While Phalaenopsis and Oncidium orchids react to the drop in temperature and daylight hours by developing flower spikes, there are others like Dendrobium and Catastinae orchids that go into dormancy during the winter months. Cattleyas and Oncidiums continue to push out new growths, albeit a little slower due to falling temperatures. This prepares them for the spring blooming season, when they begin developing sheaths and buds prolifically as the days grow warmer.
Getting familiar with these changes in different classes of orchids will seem complicated at first, however, being proactive about learning about your orchid’s care requirements will help you organise your orchids in such a way that you will find it effortless to look after your growing collection of orchids.
Making small adjustments in your orchid care routine during the winters will ensure that you get healthy and beautiful blooms during spring. Here are a few pointers that you would need to consider to provide the best care suited for your orchids during the colder months:
Winter care tips for your orchids
Reduced watering and fertilizing
When the rains recede and autumn sets in, there would be a steady drop in temperature and humidity levels. The dry winter months have shorter days and longer nights. Less heat and shorter days coupled with night time temperature drops means that now the medium will not dry out fast. Hence you need to reduce watering.
Second, you need to watch out whether the orchid is in active growth mode, wherein it continues developing new growths, buds, spikes, roots, etc. If this is the case, then you can water and fertilize the orchid. But always ensure that the fertilizer is half or even quarter of the recommended strength. This will meet your orchid’s needs during these months.
If you continue providing full strength fertilizers, it may lead to root burn and the orchid has a high chance of developing rot issues due to the high levels of fertilizer and moisture being retained in the medium over a prolonged period. Therefore, always allow the medium to dry out before you water the orchid again.
While orchids thrive in humid conditions, they do not like being potted in wet medium that does not allow the roots to breathe freely. Well ventilated pots with slits and holes along with proper drainage will promote a wet-dry cycle that is conducive for the orchid’s growth.
If you have seedlings in your orchid collection, then you will need to ensure they get watered adequately. Do not allow the medium to dry out fully before watering again.
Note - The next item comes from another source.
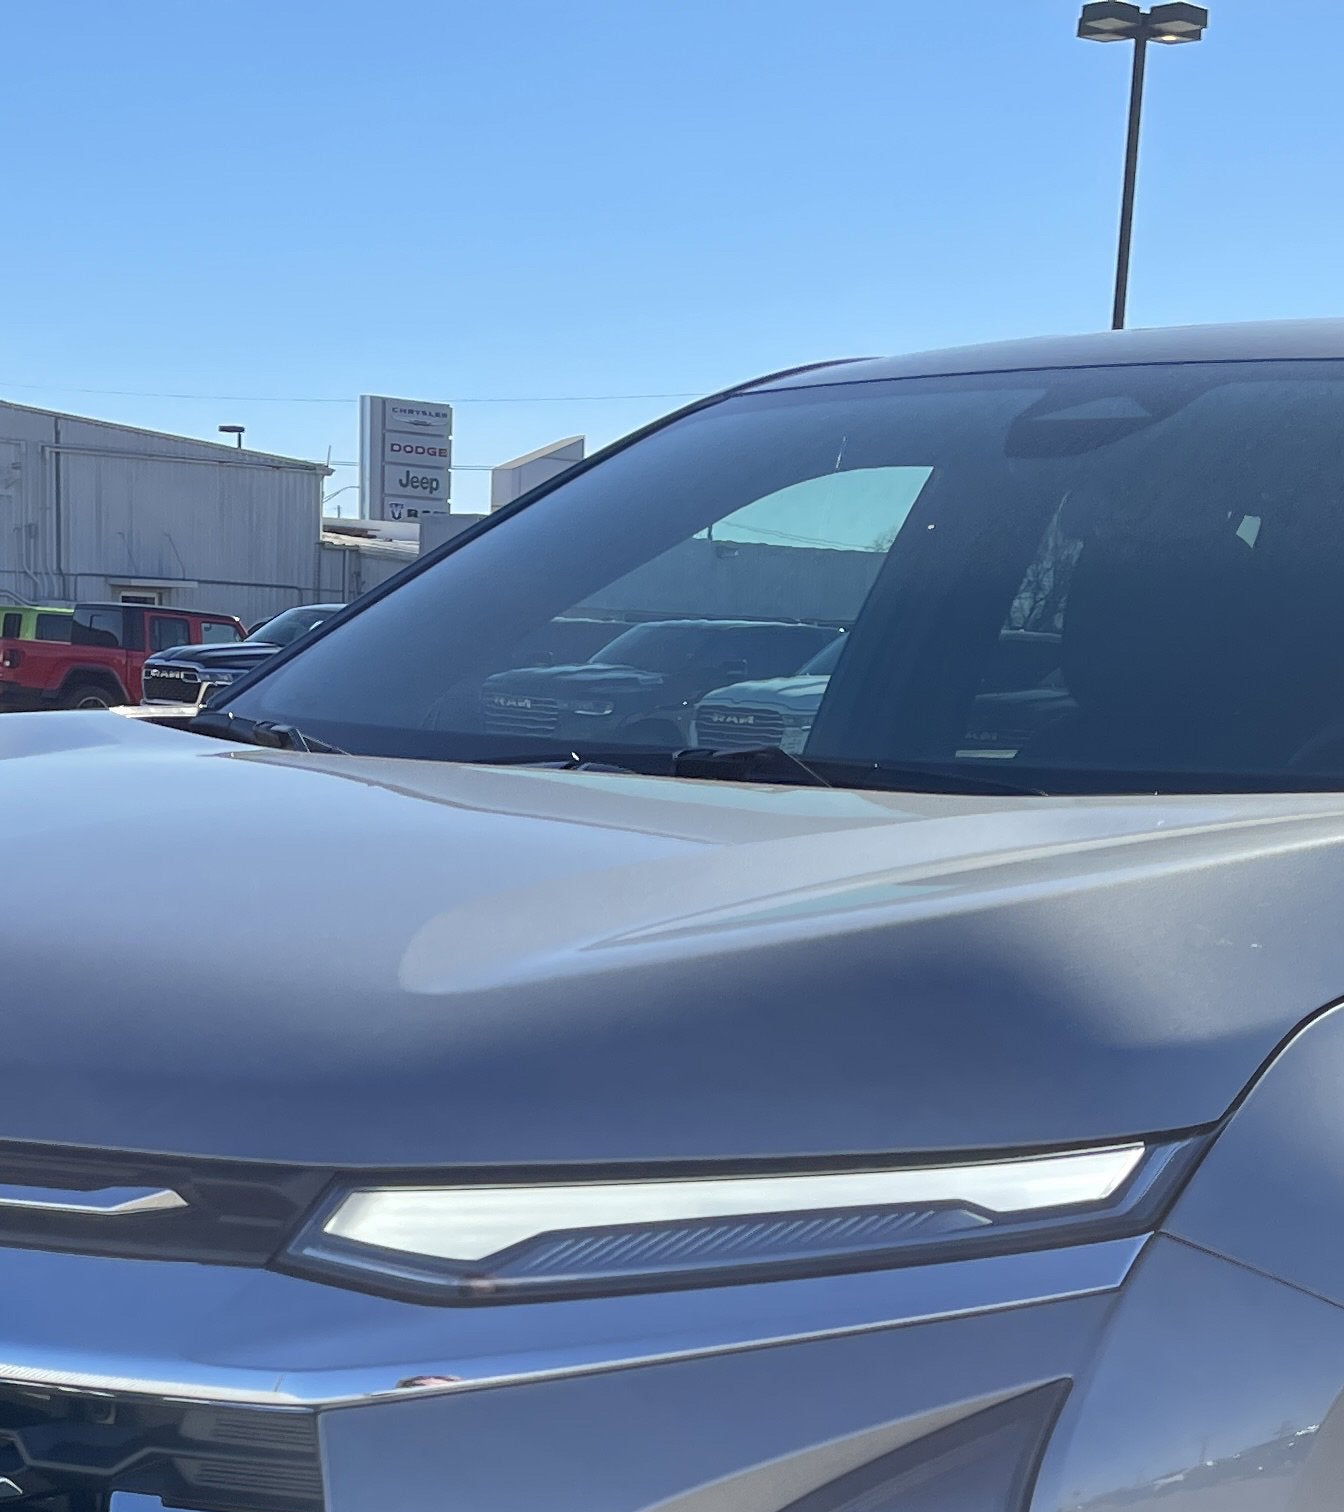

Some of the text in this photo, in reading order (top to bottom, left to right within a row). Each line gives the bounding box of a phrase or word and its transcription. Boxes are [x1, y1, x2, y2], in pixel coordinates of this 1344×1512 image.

They have sensitive roots that need moisture for their growth. Also do not overwater them as this will lead to root rot.
Temperature and sunlight changes
If your winters are marked by frost, snowfall and extreme cold conditions. Then you would need to shift your orchids indoors or in more hospitable conditions with sufficient heating and even artificial lighting. This will ensure that they survive, and even grow and bloom, despite extreme climatic conditions outside.
If you are staying in a warm tropical climate like mine, with very little fluctuation in temperature and humidity, then your orchids will continue to actively produce new growths and buds despite slight drop in temperature. In such a scenario, you need not alter your care regimen during the winters. You can, at the most, reduce your frequency of fertilization since there is a drop in pace of growth in the cooler months. Also, the day-time temperatures are pretty high due to the proximity of the earth to the sun in October- November.
So your orchids need to be kept cool, moist, but not soggy, and fertilizing strength should be reduced in order to prevent root burn. I fertilize my orchids every fortnight instead of weekly as the temperatures dip a little beginning November. I resume weekly fertilizing in March as temperatures rise and orchids resume active growth mode. Moreover, I separate out my winter resting orchids and lightly mist them once a week if I find them too dehydrated.
Cool winter rest
Deciduous orchids like Dendrobium species and Nobiles as well as Catasetums drop their leaves during winter. This is a natural response to the changing season. Since there is very little ambient moisture, the orchid tries to conserve the moisture that it has stored in its canes (rain water and nutrients absorbed during the rainy season plumps up their canes).
To prevent loss of moisture through transpiration, the orchids drop their leaves and stop further growth. Once the winter months are over, the warmer temperatures promote new shoot and root growth, and the plant prepares for the bloom season in spring.
Some of the orchids that require a cool winter rest are Dendrobium lindleyii, Dendrobium anosmum, Dendrobium aphyllum, Dendrobium nobile orchids, and many others. Even Brassavolas and Brassocattleyas appreciate a cool winter rest for a good bloom season, although they do not shed their leaves. Their thin, long succulent leaves are structurally adapted to prevent loss of moisture though transpiration.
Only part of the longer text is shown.